La littérature féminine est quant à elle la fille des indépendances. C’est à partir des années 70 que se manifeste en Afrique une écriture féminine autonome. Le roman épistolaire de Mariama Bâ, Une si longue lettre, publié en 1979, en fut le coup d’envoi spectaculaire.
En ce début du XXIe siècle, c’est le mouvement de la « Migritude », un néologisme qui combine négritude et émigration, qui caractérise cette littérature. Les nouvelles générations d’écrivains ont en commun l’expérience de l’immigration : par exemple, Fatou Diome (La Préférence nationale), Alain Mabanckou (Bleu-blanc-rouge), Sami Tchak (Place des Fête), Calixthe Beyala (Le petit prince de Belleville). Mais ils restent aussi profondément attachés à leur pays d’origine, comme Abdourahman A. Waberi (Le pays sans ombre) ou Emmanuel Dongala (Johnny chien méchant). Beaucoup d’écrivains africains, comme tous les écrivains francophones, se revendiquent de plus en plus comme des écrivains à part entière, sans épithète, accessoirement « Nègres », mais tous restent mobilisés par les problèmes de l’Afrique comme Boubacar Boris Diop, (Les tambours de la mémoire).
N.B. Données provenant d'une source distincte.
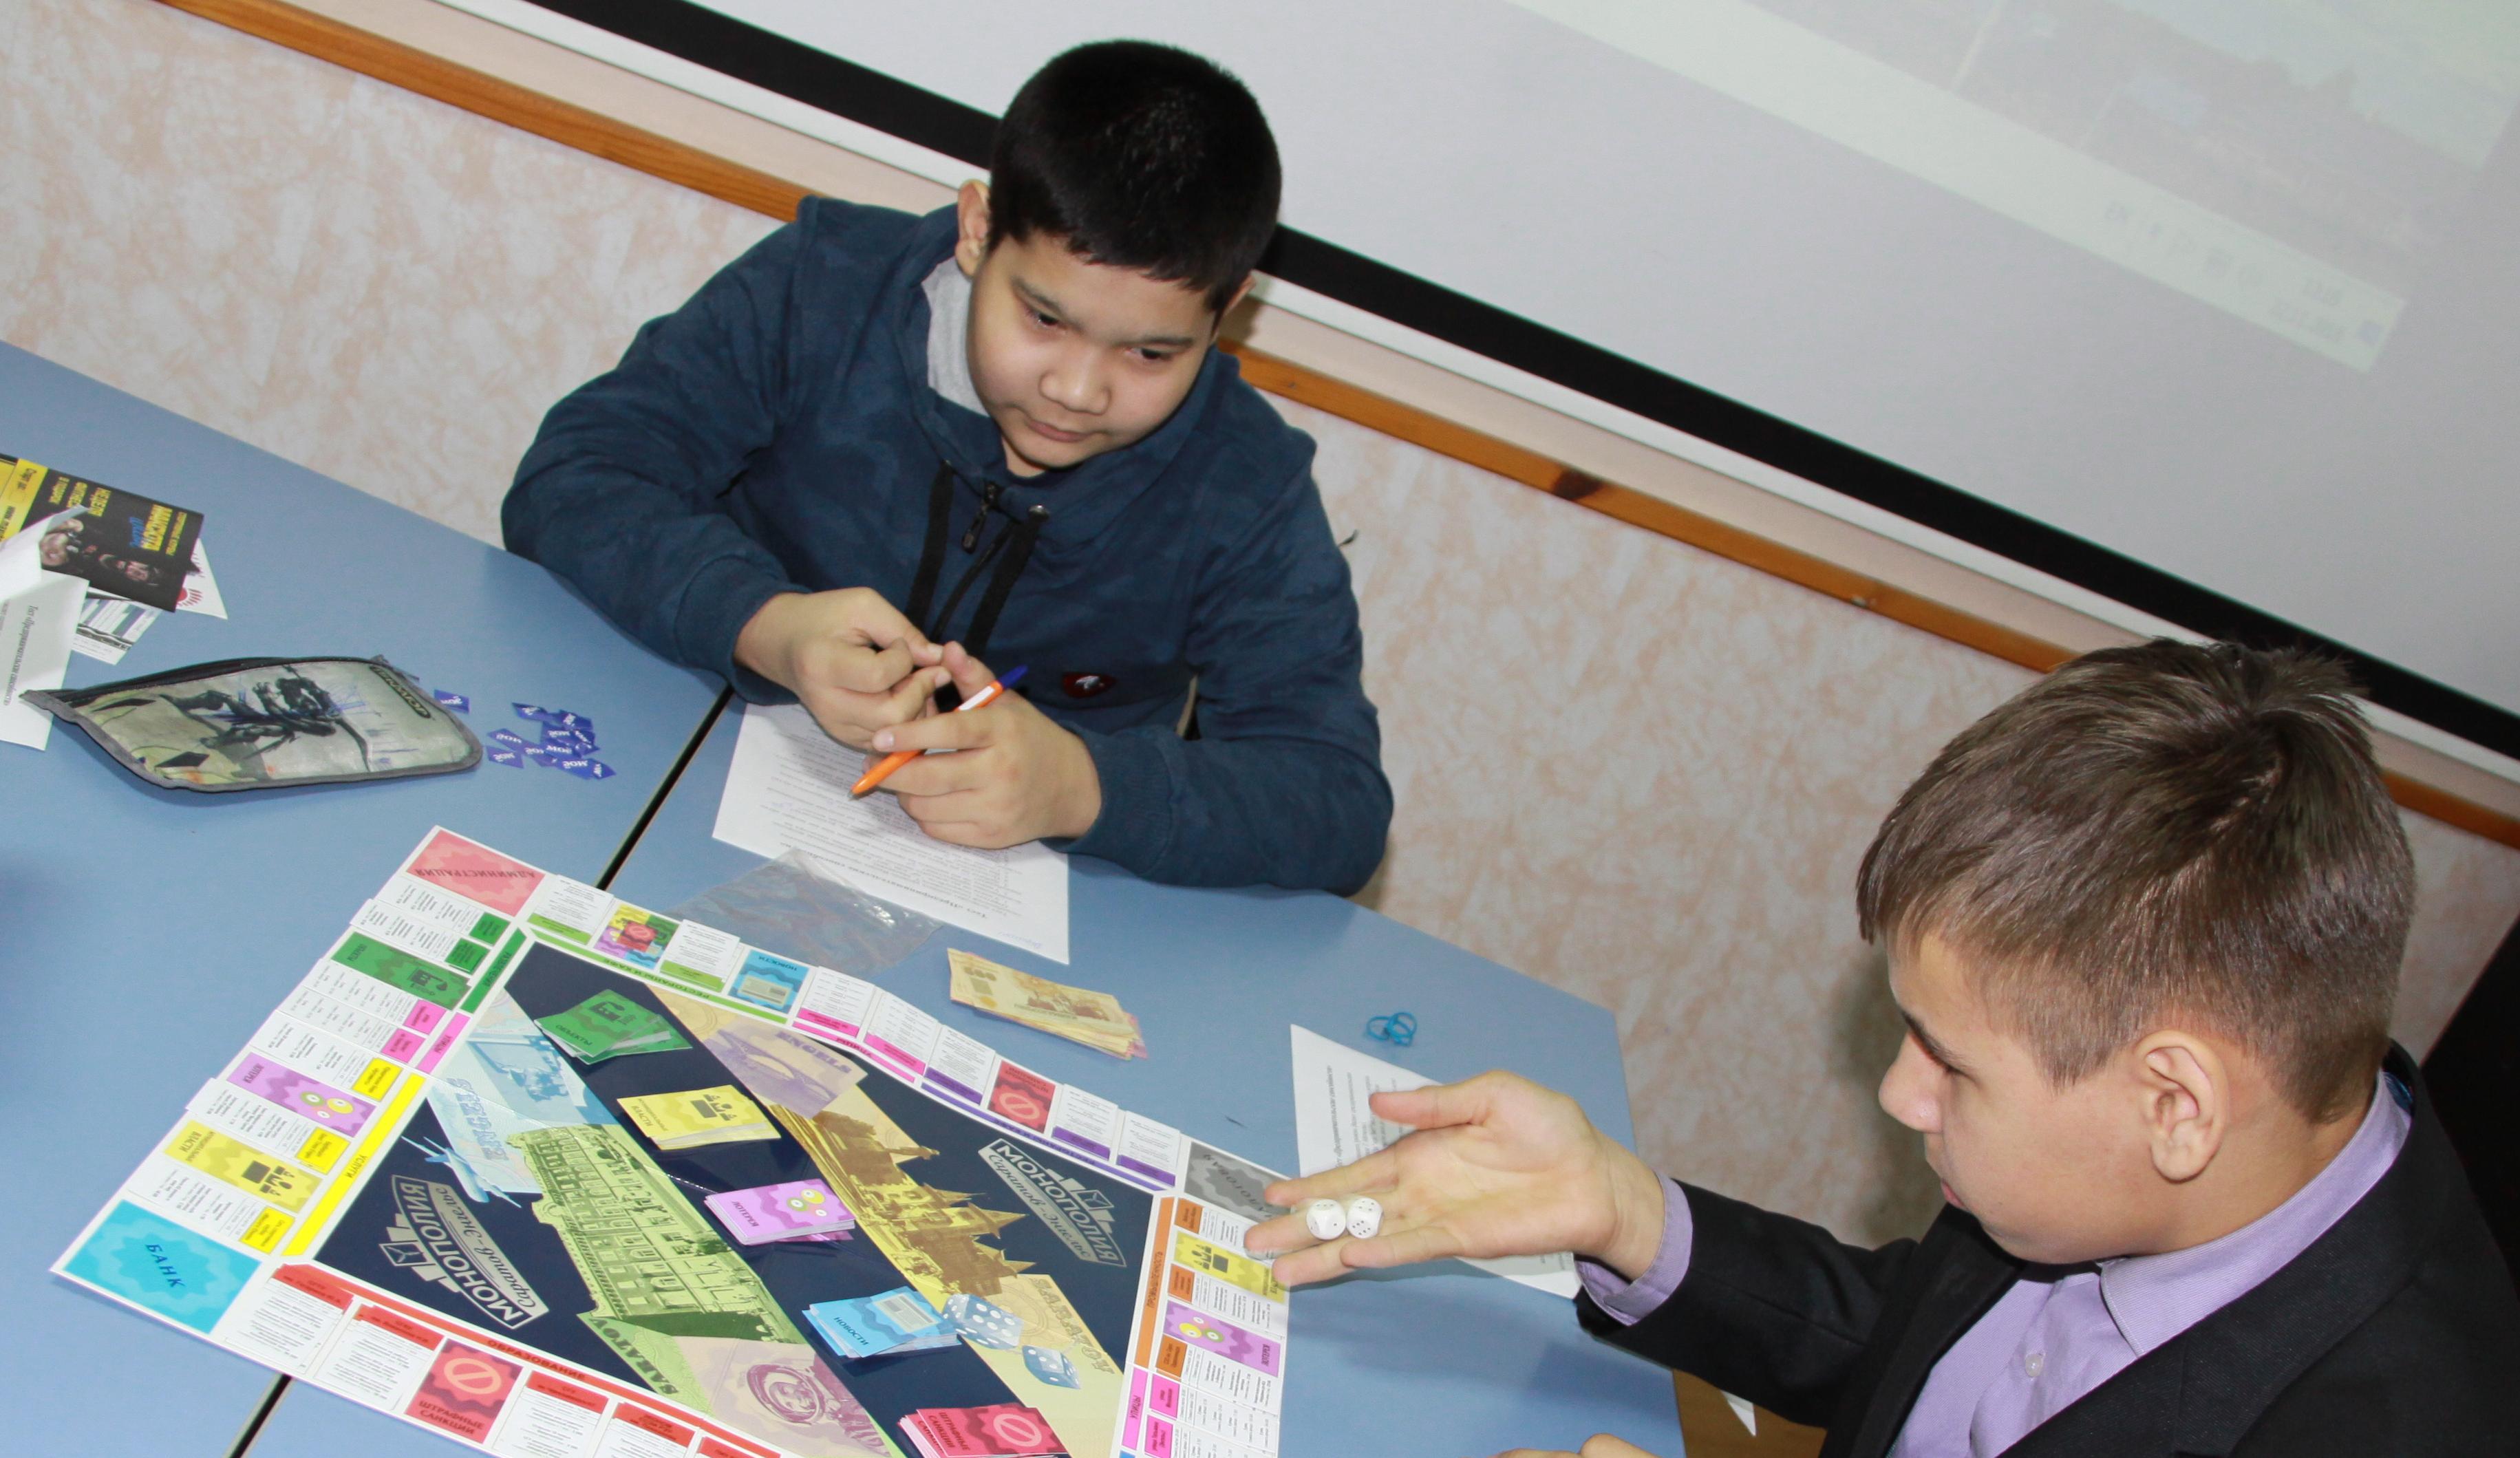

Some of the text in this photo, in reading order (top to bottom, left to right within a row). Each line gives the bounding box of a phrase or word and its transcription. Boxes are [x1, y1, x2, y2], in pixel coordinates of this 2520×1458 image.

La littérature africaine de langue française, surtout publiée à Paris, touche un lectorat européen et africain immigré. En Afrique, hormis dans le champ scolaire, l’édition locale en français restant limitée, elle n’atteint pas un large lectorat et son audience reste restreinte.

Une littérature jeunesse d’une grande richesse

Malgré les obstacles, une littérature écrite et illustrée pour les enfants voit le jour en Afrique francophone à partir des années 1980 et connaît un deuxième élan, remarquable, depuis la fin des années 1990. Très riche, la littérature orale africaine nourrit grandement la littérature écrite pour la jeunesse, mais l’édition propose également livres d’images, romans, poèmes, documentaires, bandes dessinées… dont voici un choix de titres disponibles. Publiée dans les pays africains et en France, cette littérature offre une grande richesse de thèmes et de styles, tant dans l’écriture que dans l’illustration – le fonds du CNLJ-La Joie par les livres, sans doute le plus complet existant, en témoigne. Si dans les grandes villes africaines les familles commencent à acheter des livres pour enfants, ce sont surtout les bibliothèques qui en permettent l’accès.